:: AVAILABLE RECORDS ::
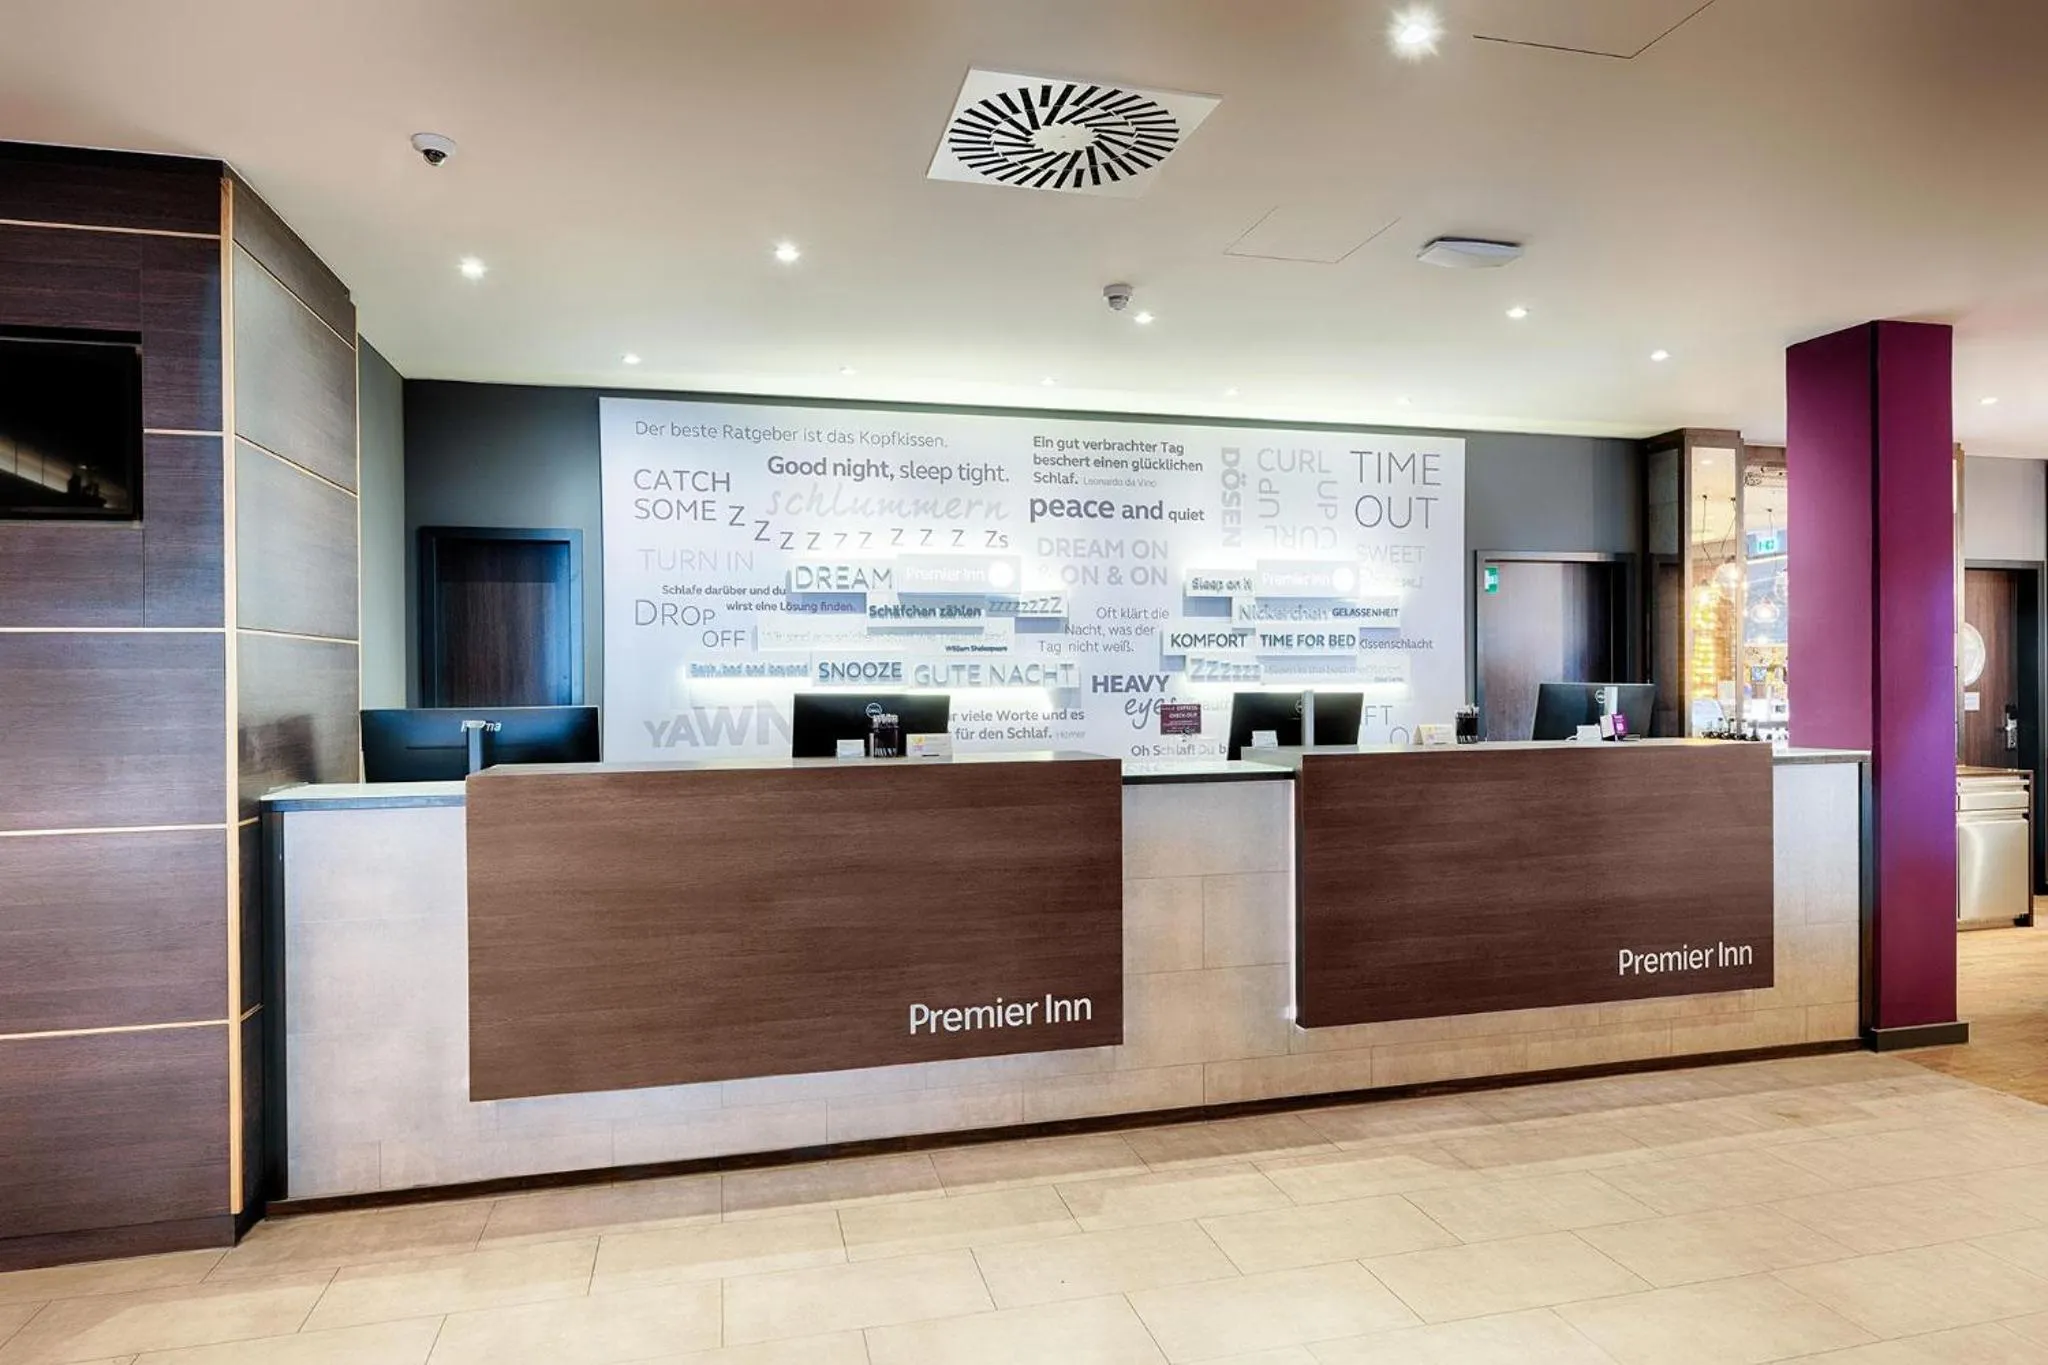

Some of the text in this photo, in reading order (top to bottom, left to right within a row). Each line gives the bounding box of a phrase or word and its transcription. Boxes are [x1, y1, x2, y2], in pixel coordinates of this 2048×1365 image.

[635, 421, 948, 448] Der beste Ratgeber ist das Kopfkissen.
[1033, 436, 1184, 455] Ein gut verbrachter Tag
[767, 456, 1010, 486] Good night, sleep tight.
[1033, 454, 1203, 472] beschert einen glücklichen
[1257, 448, 1333, 474] CURL
[1349, 450, 1442, 485] TIME
[633, 469, 730, 492] CATCH
[1033, 472, 1079, 485] Schlaf.
[766, 482, 1010, 519] schlummern
[1221, 447, 1247, 548] DÖSEN
[1258, 478, 1280, 518] UP
[1317, 480, 1339, 520] UP
[634, 498, 717, 521] SOME
[1029, 497, 1205, 523] peace and quiet
[1355, 494, 1439, 529] OUT
[1037, 537, 1168, 559] DREAM ON
[1358, 544, 1426, 564] SWEET
[637, 548, 754, 572] TURN IN
[795, 566, 893, 590] DREAM
[1061, 565, 1099, 585] ON
[1106, 565, 1124, 585] &
[1130, 566, 1168, 586] ON
[662, 585, 701, 596] Schlafe
[705, 585, 746, 596] darüber
[750, 585, 770, 596] und
[634, 599, 716, 627] DROP
[726, 601, 856, 614] wirst eine Lösung finden.
[868, 604, 982, 619] Schäfchen zählen
[1096, 606, 1170, 620] Oft klärt die
[1332, 607, 1399, 617] GELASSENHEIT
[702, 630, 746, 648] OFF
[1064, 624, 1156, 637] Nacht, was der
[1170, 633, 1247, 648] KOMFORT
[1259, 634, 1294, 647] TIME
[1297, 634, 1325, 648] FOR
[1328, 634, 1356, 648] BED
[1038, 640, 1135, 655] Tag nicht weiß.
[818, 661, 903, 679] SNOOZE
[914, 663, 1075, 686] GUTE NACHT
[1091, 674, 1170, 693] HEAVY
[643, 700, 793, 748] YAWN
[961, 710, 993, 722] viele
[996, 710, 1039, 722] Worte
[1042, 708, 1067, 721] und
[1070, 710, 1085, 720] es
[956, 727, 975, 740] für
[979, 727, 1003, 740] den
[1007, 726, 1052, 740] Schlaf.
[1131, 744, 1150, 757] Oh
[1618, 941, 1753, 976] Premier Inn
[909, 993, 1092, 1035] Premier Inn

:: DIRECTIONS FOR THIS TASK ::
Across the material above, count every line holding "TIME" and write down only the number.

:: WRITTEN SOLUTION ::
2